Adding Pylint to IntelliJ

A switch back to programming in Python, meant I wanted to be able to use Pylint from inside IntelliJ.

I’ve been programming in JavaScript for the last few months, and had IntelliJ IDEA using ESLint to give me context highlighting. It was really easy to setup and I found it useful in helping me stay compliant with our coding style, which differs slightly from my personal style.

I’ve switch back to Python for another project and wanted to use Pylint from within IntelliJ IDEA, for a similar purpose. It turns out that you can’t, at least, you can’t have editor context highlighting. Which is a bit shit.

Yes, IntelliJ IDEA already has pretty good PEP8 context highlighting, but not everyone on the team uses IntelliJ IDEA, let alone an IDE (don’t ask). So I really wanted to get Pylint working in the IDE, so I didn’t have to keep dropping to a terminal every time I wanted to check it.

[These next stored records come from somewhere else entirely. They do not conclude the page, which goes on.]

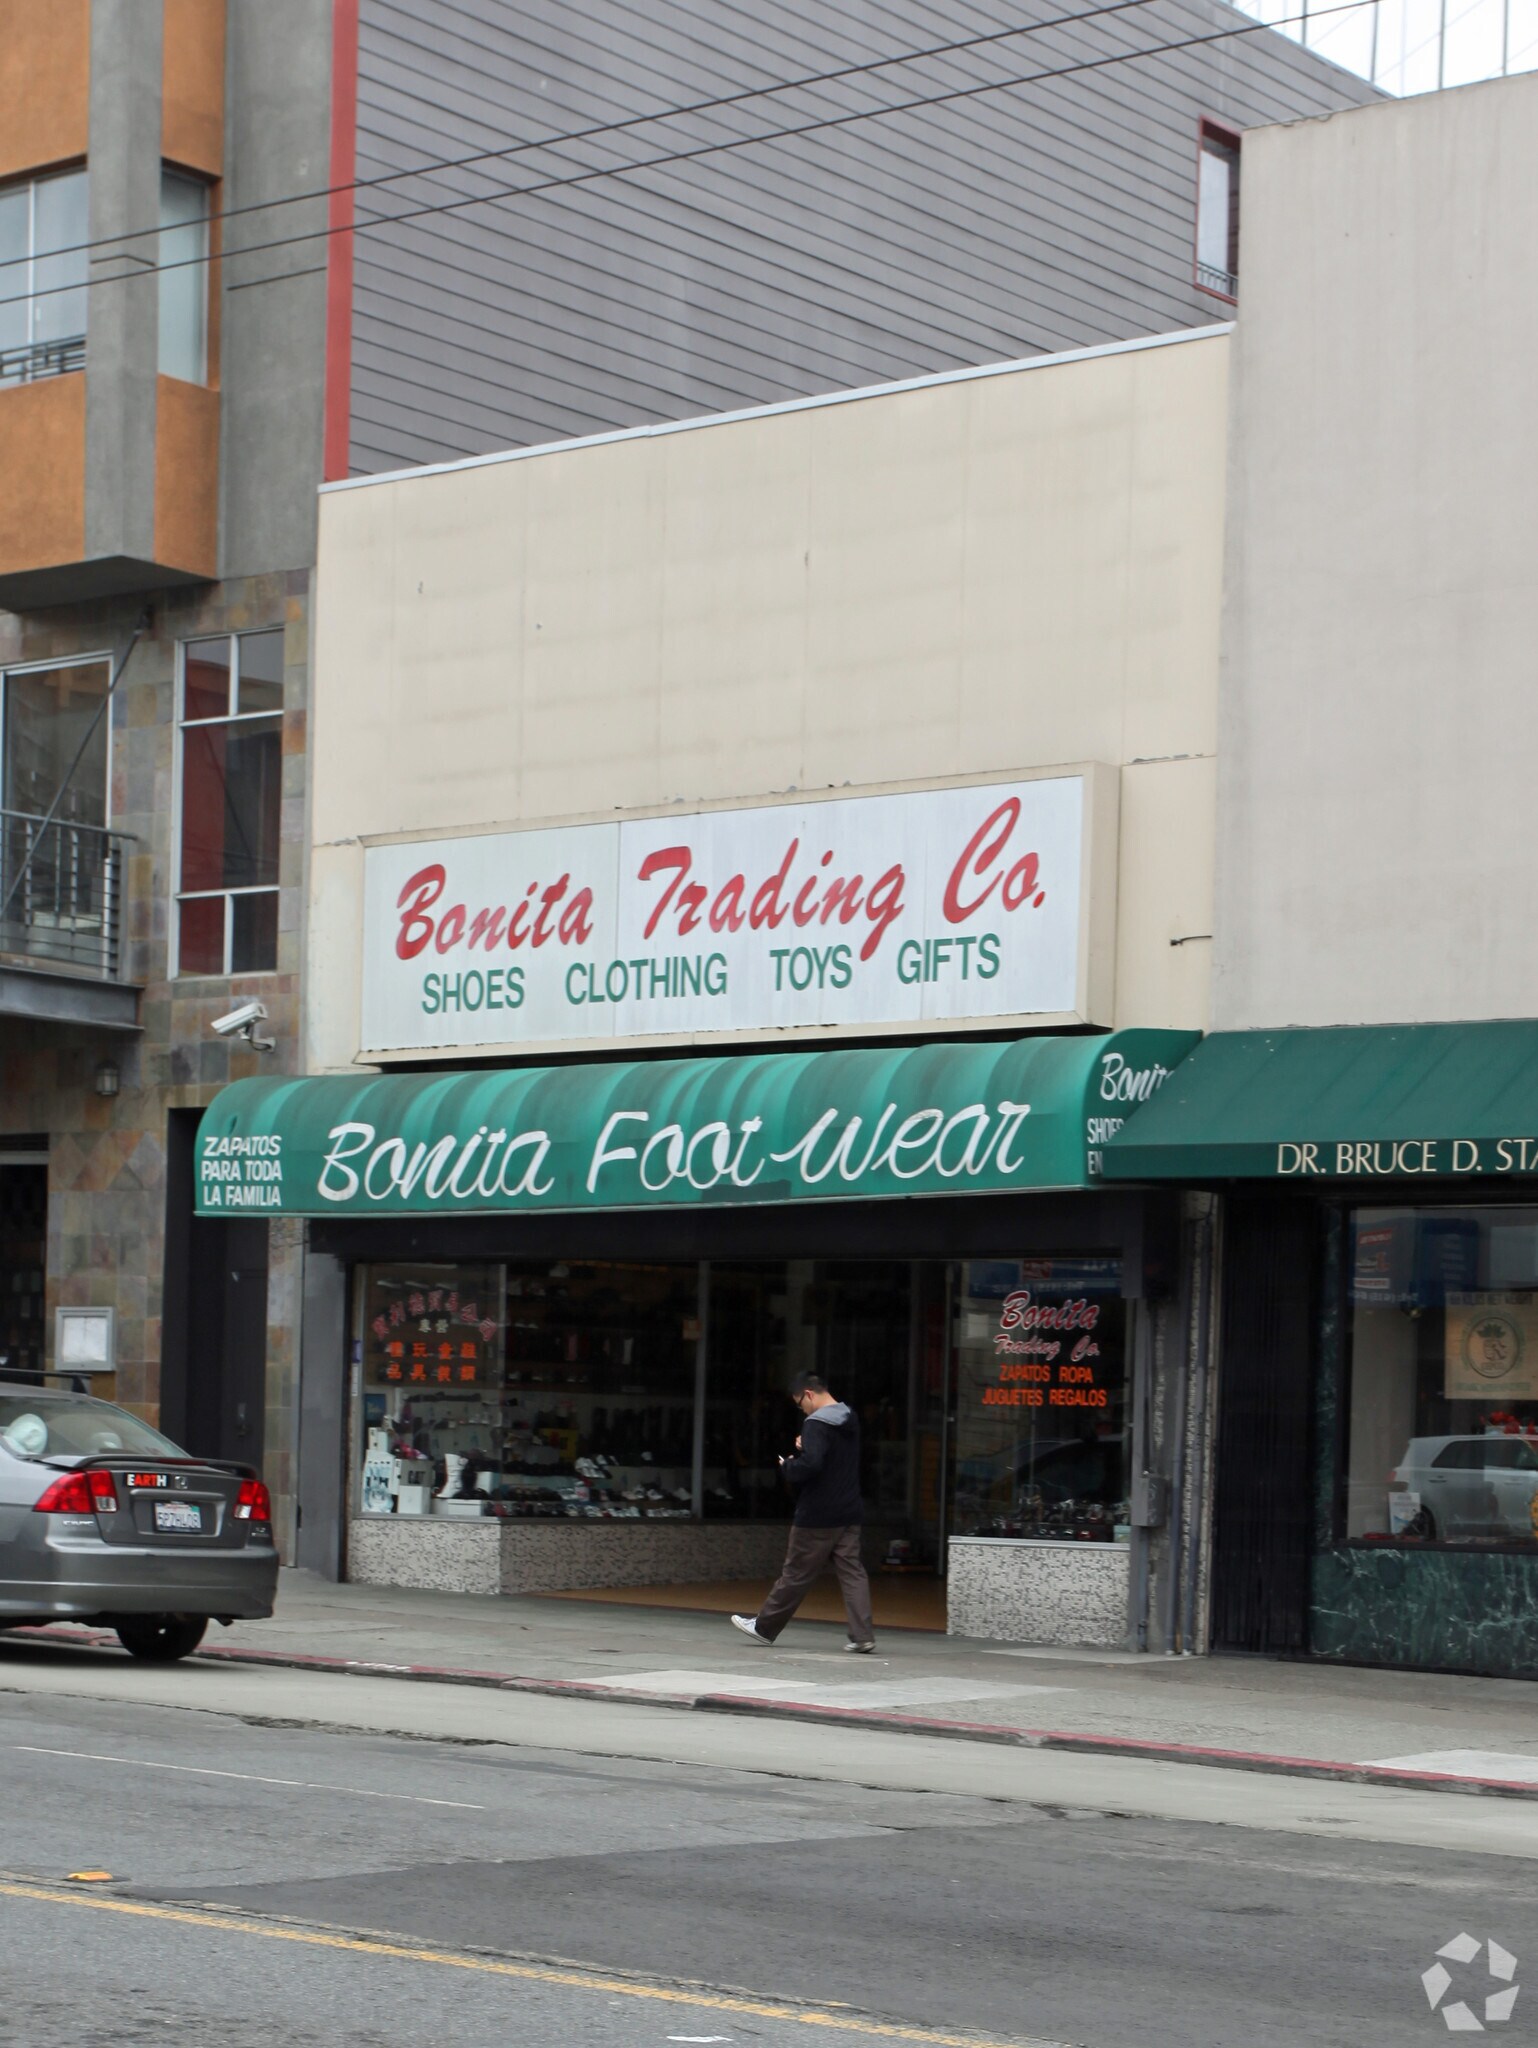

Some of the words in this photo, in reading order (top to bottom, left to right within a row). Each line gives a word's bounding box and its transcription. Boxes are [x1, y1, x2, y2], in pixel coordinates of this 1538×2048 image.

[396, 863, 593, 960] Bonita
[638, 837, 905, 961] Trading
[943, 796, 1045, 924] Co.
[421, 966, 525, 1014] SHOES
[566, 952, 728, 1005] CLOTHING
[770, 944, 853, 992] TOYS
[897, 933, 1001, 985] GIFTS
[203, 1135, 282, 1157] ZAPATOS
[317, 1121, 555, 1201] Bonita
[586, 1111, 765, 1194] Foot
[1277, 1143, 1326, 1174] DR.
[1336, 1141, 1437, 1174] BRUCE
[1452, 1140, 1483, 1172] D.
[201, 1161, 241, 1182] PARA
[245, 1160, 283, 1182] TODA
[203, 1186, 222, 1206] LA
[225, 1185, 282, 1206] FAMILIA
[1000, 1290, 1099, 1330] Bonita
[993, 1333, 1061, 1361] Trading
[1000, 1365, 1050, 1382] ZAPATOS
[1059, 1366, 1093, 1383] ROPA
[982, 1389, 1043, 1406] JUGUETES
[1049, 1389, 1107, 1407] REGALOS
[127, 1473, 167, 1487] EARTH

While IntelliJ IDEA wont do editor context highlighting with Pylint, you can add it as an external tool. This allows it to execute from within the IDE and provide links to any lines that have issues.

I started by following the instructions for PyCharm in the Pylint documentation. The Python plugin for IntelliJ IDEA, provide pretty much the same functionality as PyCharm, so I figured it should work. I couldn’t get it to work though.

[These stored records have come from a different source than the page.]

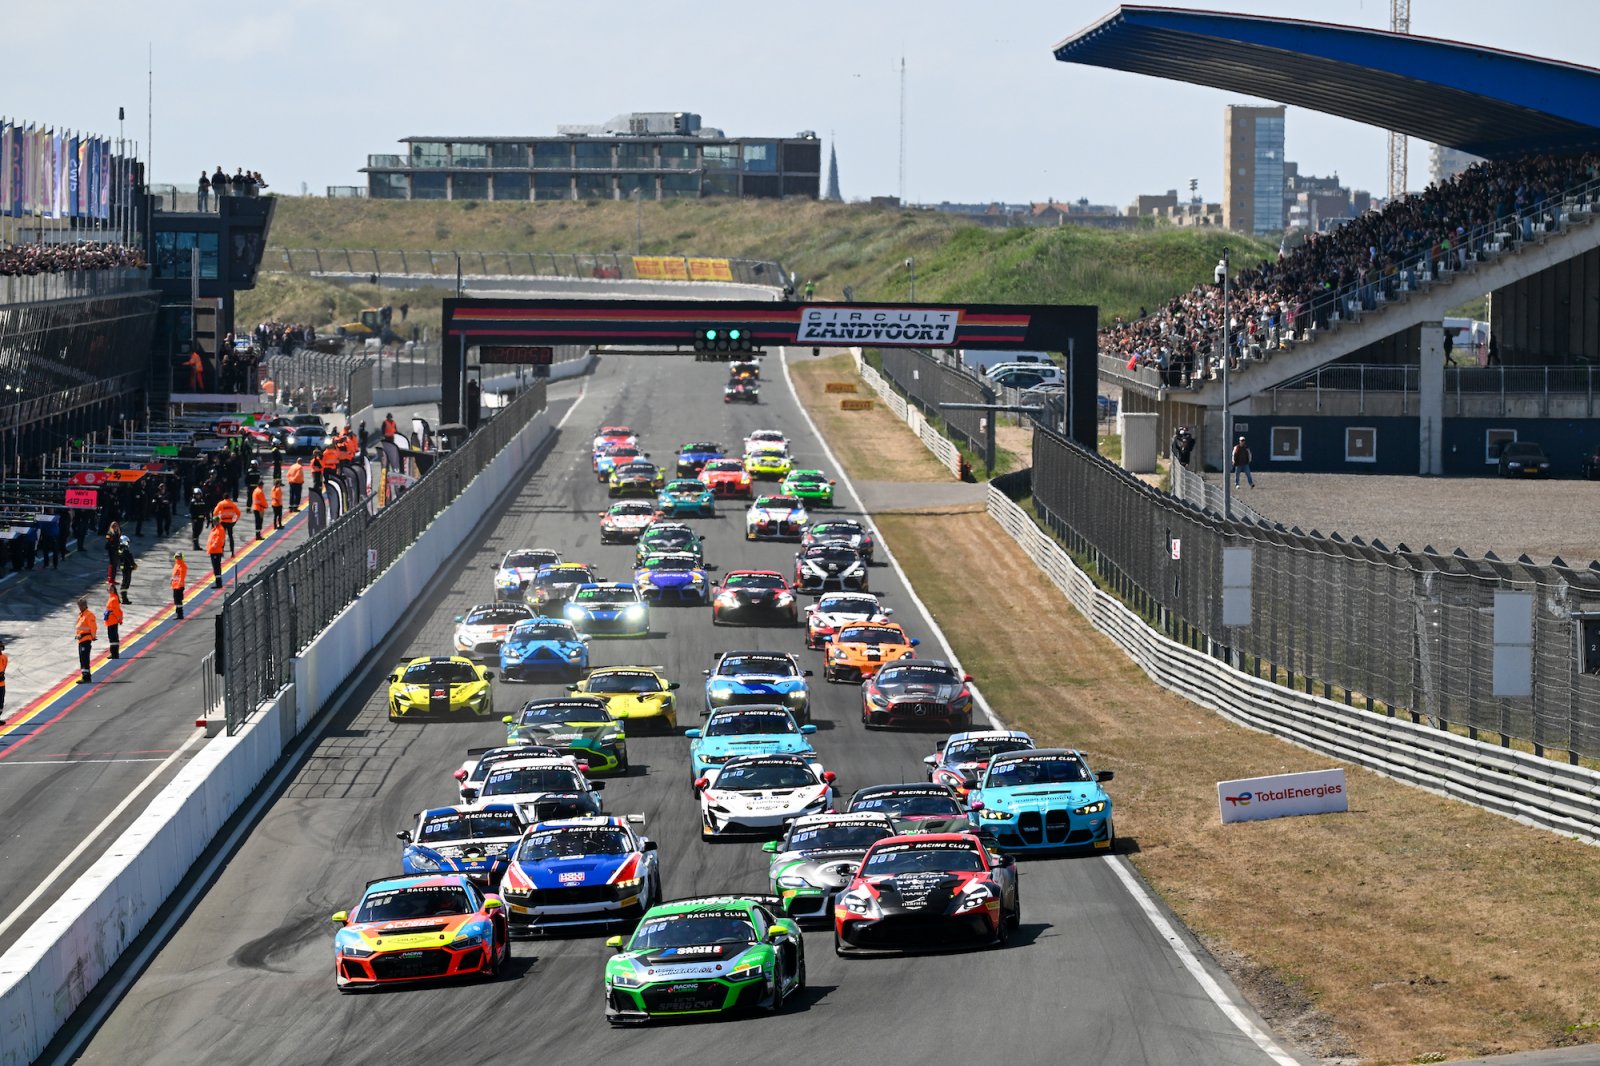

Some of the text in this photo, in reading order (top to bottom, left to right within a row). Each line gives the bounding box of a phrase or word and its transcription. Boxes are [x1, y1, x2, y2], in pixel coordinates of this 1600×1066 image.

[809, 311, 950, 322] CIRCUIT
[805, 322, 949, 341] ZANDVOORT
[1254, 784, 1342, 802] TotalEnergies
[687, 911, 721, 919] RACING
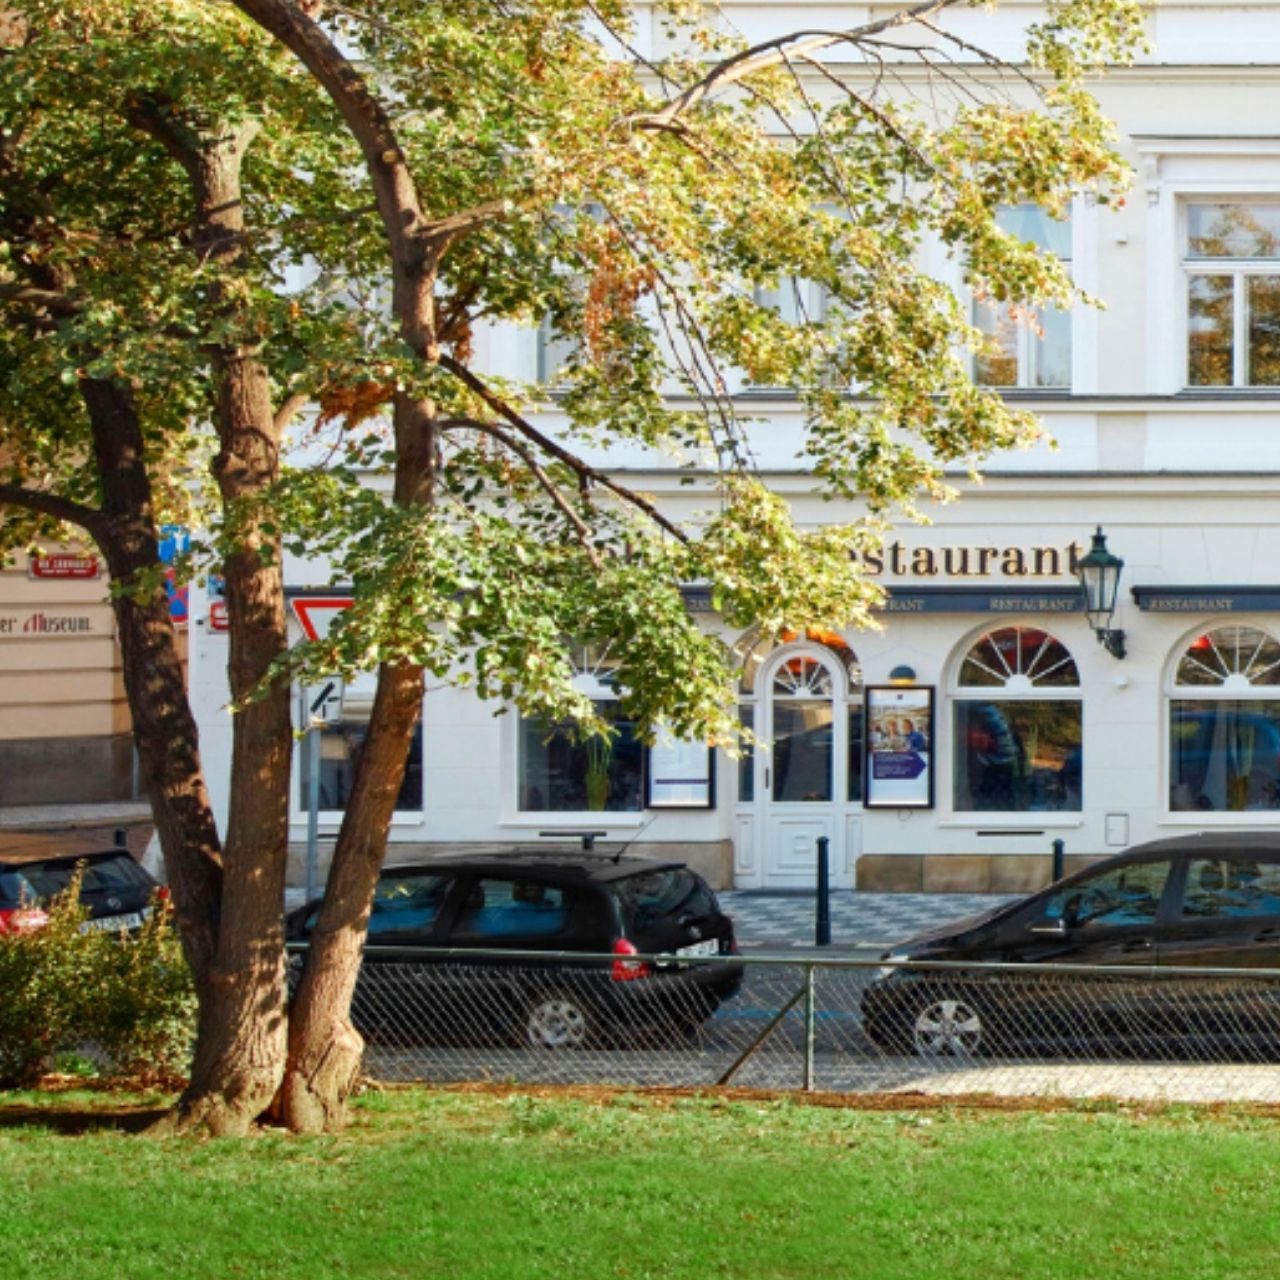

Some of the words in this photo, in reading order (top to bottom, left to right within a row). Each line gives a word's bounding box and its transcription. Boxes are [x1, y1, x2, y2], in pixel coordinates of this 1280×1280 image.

Next I found this translation of a Russian blog, but again, I couldn’t quite get it to work. So I started fiddling with all the macros that are available until I found those that worked. So here you go, Pylint from within IntelliJ IDEA and picking up the correct virtualenv.

Start by opening the Preferences, (⌘, on a Mac) and browsing to the Tools > External Tools menu. Select the little symbol from the bottom of the main panel (or ⌘N on a Mac). Fill out the form with similar values to what’s below:

IntelliJ Preferences Edit Tool

Pylint – The name it will appear under the list of external tools.
A Python source code analyzer which looks for programming errors, helps enforcing a coding standard and sniffs for some code smells. – Not sure where this is actually used, but when you edit, you can at least be reminded of why you added it.
$PyInterpreterDirectory$/pylint – Using the $PyInterpreterDirectory$ macro means that it’ll pick up the correct vitrualenv
-rn -f parseable $FilePath$-rn means we only want the messages, not the other report gubbings. -f parseable means that it produces something that IntelliJ can parse. $FilePath$ is the full path to the current file.
Working directory
$PyInterpreterDirectory$ – tells Pylint to run from the vitrualenv bin folder, rather than the IntelliJ project folder.

I also unchecked the Main menu and Project views options in the Show in section. Mainly as I only wanted the ability to right click within the currently open file and lint it. To lint whole folders, or the entire project, you’ll need to modify both Parameters and Working directory fields with the correct macros.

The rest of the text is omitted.